Lastly, once you get to "yes" and validate your compliance, your acquirer (you know...the one who isn't talking to you...) will accept/certify your compliance.

Thanks for the response this does help, as a follow-up I am looking at the SAQ versions right now, and I don't believe C is the right category. We do in fact store the information (albeit in an encrypted format) however we do not have a true POS system if you will. What we have is a system that users put the CC information into, that then submits them for processing. I guess it could be considered a POS, but it's more of an encompassing system. In this system there is CRM information, information about every customer and where they are in their progress. Essentially its the core of our business. Since all cardholder data functions are not outsourced completely, wouldn't this make us a Type D shop?

As far as strategy goes, I am pushing to eliminate the storage of this information. I am unsure how folks go about doing that with recurring payments, but maybe someone on here can put some options out here.

So if we are in fact held to the SAQ D version, we would then have to achieve compliance in all of those areas correct?

How would one go about doing this without making every single system on their network compliant, when the same system that stores CC information is at the heart of your business and all 2000 plus users log into certain parts of it.

Again thanks for all the help so far, and it's nice to finally find a place to go back and forth with people on PCI, in my opinion they have done a poor job educating us security guys who are now stuck with this regulation as to what applies what doesn't etc etc etc ....

If you can prevent all traffic except what is needed to the cardholder data storing server, you may be able to remove the regular user workstations and other networks from scope.

If we can get more specific about your server with cardholder data, we may be able figure out an acceptable solution. You say its a CRM server. If people access it via a web browser and nothing else, first thing you do is put a firewall up and block everything to CRM except http(s). Next you want to make sure that logical access to cardholder data inside the CRM app is limited. Generally, if a few people need to be able to see individual card numbers, that is not a big deal. It gets to be a big deal if everyone in the company can access cardholder data or can access many card numbers at once.

As far as strategy goes, I am pushing to eliminate the storage of this information. I am unsure how folks go about doing that with recurring payments, but maybe someone on here can put some options out here.

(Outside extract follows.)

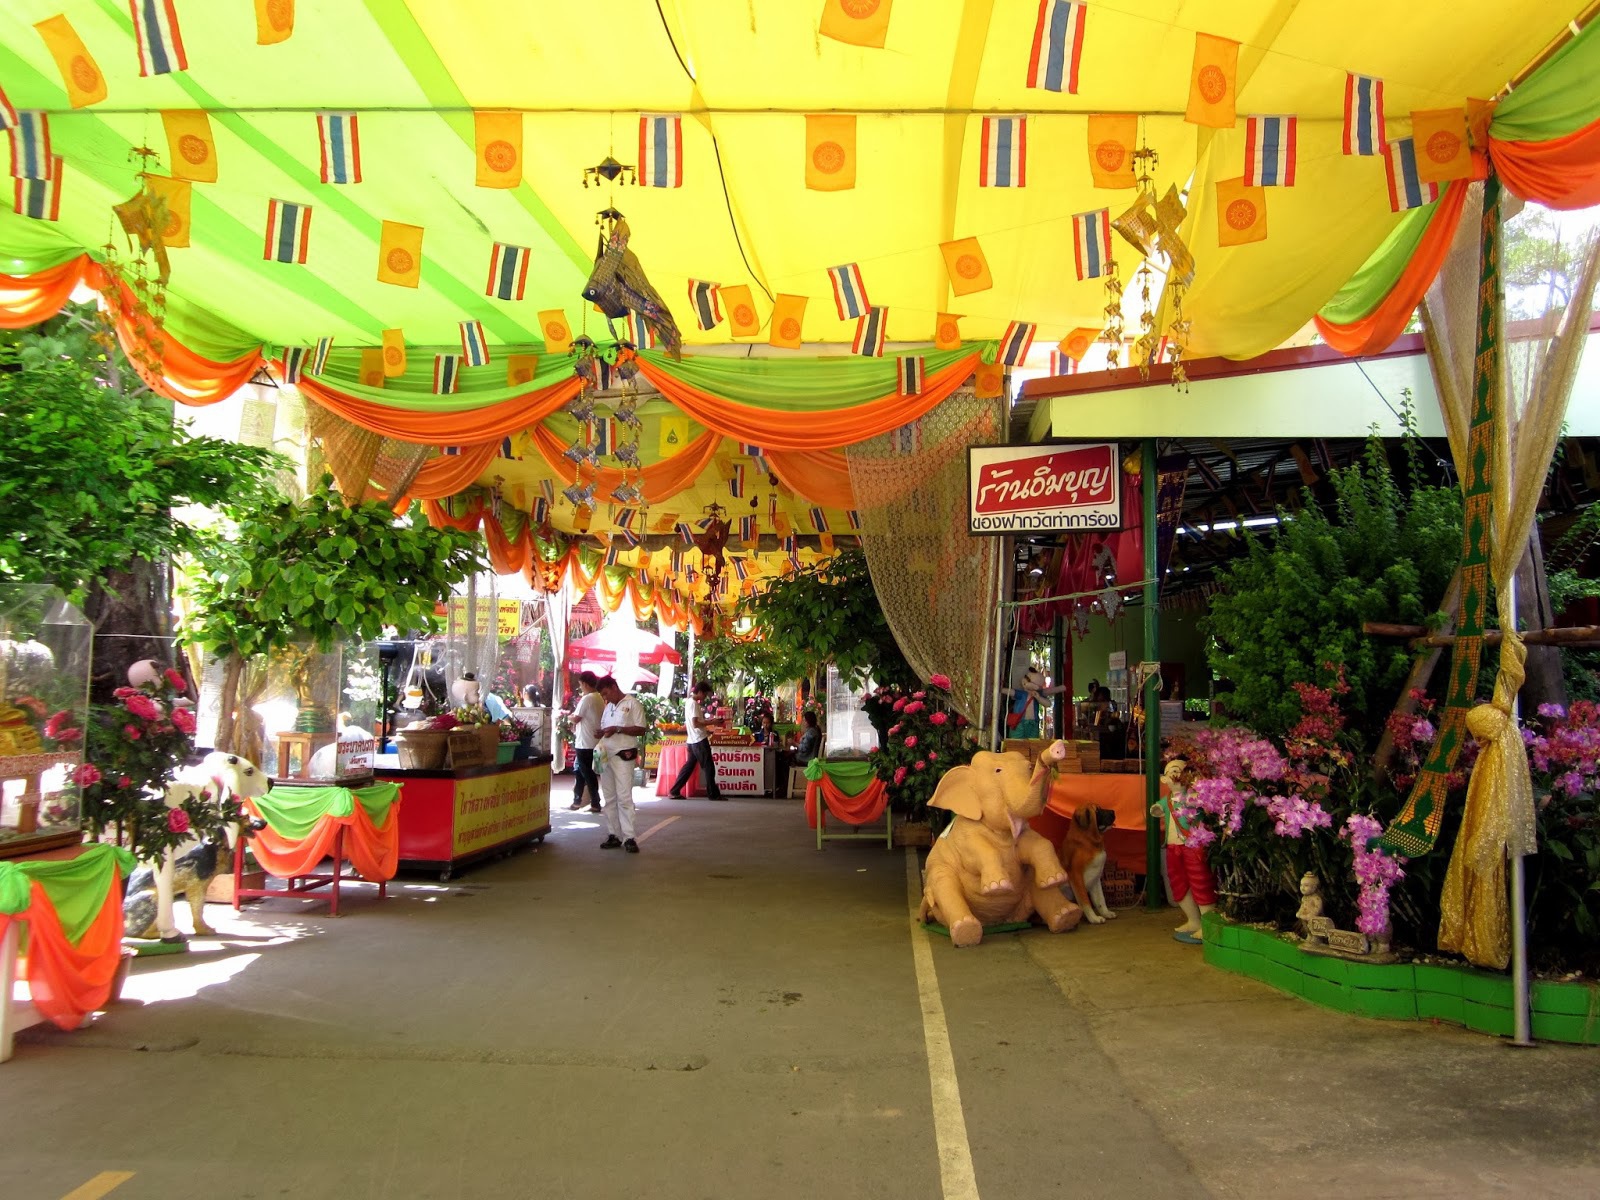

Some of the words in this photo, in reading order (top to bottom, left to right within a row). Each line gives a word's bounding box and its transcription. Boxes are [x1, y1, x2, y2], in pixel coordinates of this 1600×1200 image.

Again thanks for all the help so far, and it's nice to finally find a place to go back and forth with people on PCI, in my opinion they have done a poor job educating us security guys who are now stuck with this regulation as to what applies what doesn't etc etc etc ....

I would support your idea to eliminate storing CHD. This could reduce your scope significantly. It also is the best place to start. Personally, I think looking at how and where you process payments is the first step in compliance: if you don't need it, don't keep it.

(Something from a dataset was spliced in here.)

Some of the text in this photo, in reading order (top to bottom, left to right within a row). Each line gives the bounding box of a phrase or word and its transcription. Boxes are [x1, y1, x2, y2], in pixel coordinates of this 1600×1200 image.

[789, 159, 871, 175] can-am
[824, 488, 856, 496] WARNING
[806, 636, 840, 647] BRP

As for education, Visa offers a 2-day PCI course, and definitely check out the SPSP's CPISM/A training...it's excellent, and you even get to put even more initials after your name. ;-)

Thanks again everyone!!!

The system at an application level is restricted based on your role. As an example only folks in a certain group have access to input CC info. This group is restricted and there is an approval process in place that users would have to go through to gain access. We do have FW's at the edge, however since everyone needs to access the server (it's via http access) for various functions, would it make sense to install a FW in front of the application? Couldn't the same be accomplished by an ACL that only allows port 80 traffic from our end users? Or since it's PCI it has to be a FW? I hope that adds a little more information.

PA-DSS is a security standard set for payment application developers, outlining security and auditing procedures for electronic payment applications. Software that falls under the PA-DSS envelope could include anything from a POS system to online shopping cart software.